* Try it *
Exactly the lines from the one containing "this 1291×1296 image." to the final line below should be output, and no others.
[Extracted data — start]
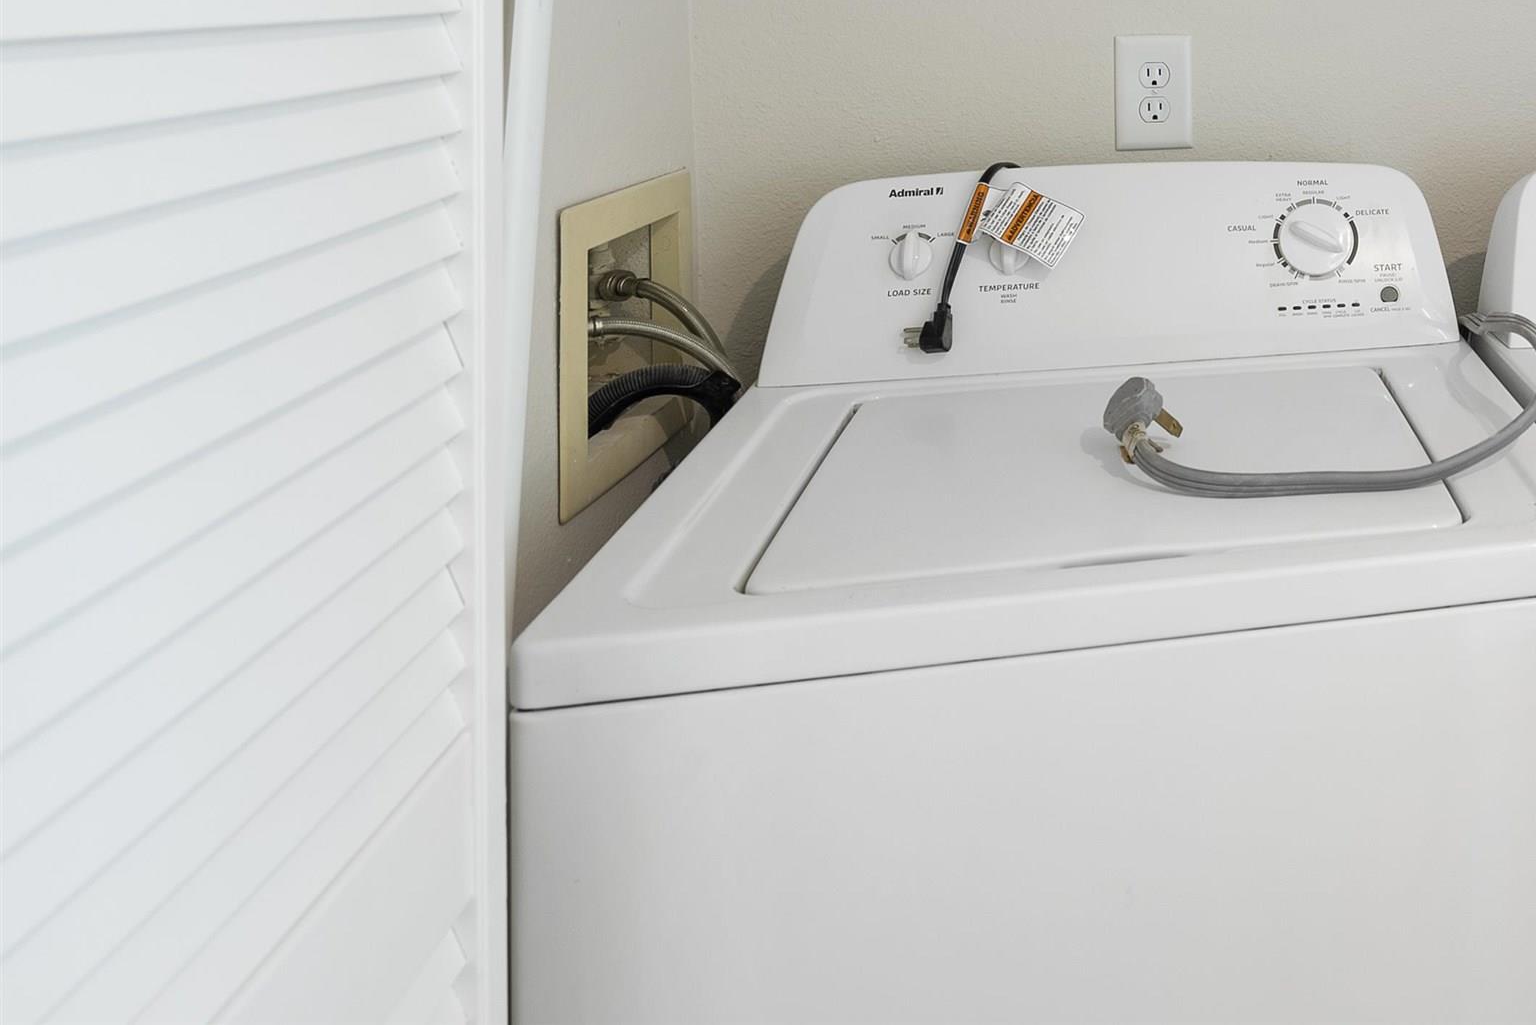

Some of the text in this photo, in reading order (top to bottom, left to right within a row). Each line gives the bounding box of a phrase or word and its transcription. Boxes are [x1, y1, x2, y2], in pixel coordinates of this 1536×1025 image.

[889, 187, 933, 198] Admiral
[1374, 263, 1402, 272] START
[979, 282, 1040, 292] TEMPERATURE
[887, 289, 911, 297] LOAD
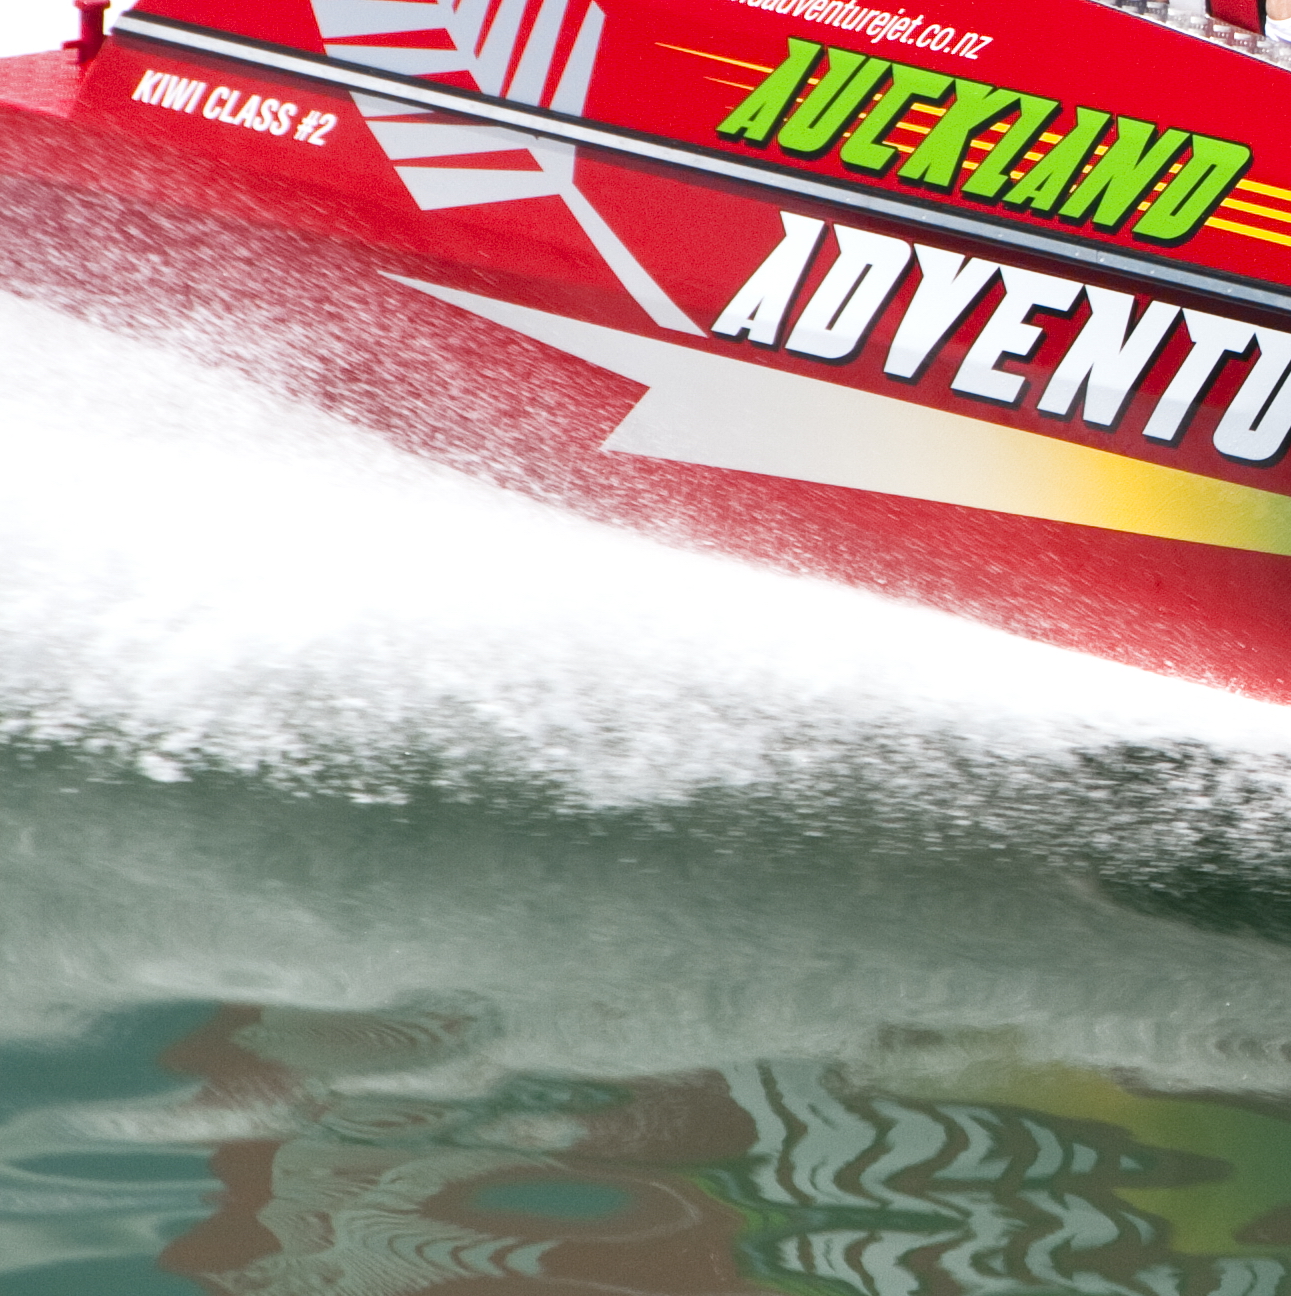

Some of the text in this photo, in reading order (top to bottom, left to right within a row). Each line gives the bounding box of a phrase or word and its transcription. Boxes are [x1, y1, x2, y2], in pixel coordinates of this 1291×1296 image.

[132, 70, 338, 147] KIWI CLASS #2
[714, 36, 1254, 246] AUCKLAND
[Extracted data — finish]
* Finished task *
Some of the text in this photo, in reading order (top to bottom, left to right within a row). Each line gives the bounding box of a phrase or word and its transcription. Boxes are [x1, y1, x2, y2], in pixel coordinates of this 1291×1296 image.

[132, 70, 338, 147] KIWI CLASS #2
[714, 36, 1254, 246] AUCKLAND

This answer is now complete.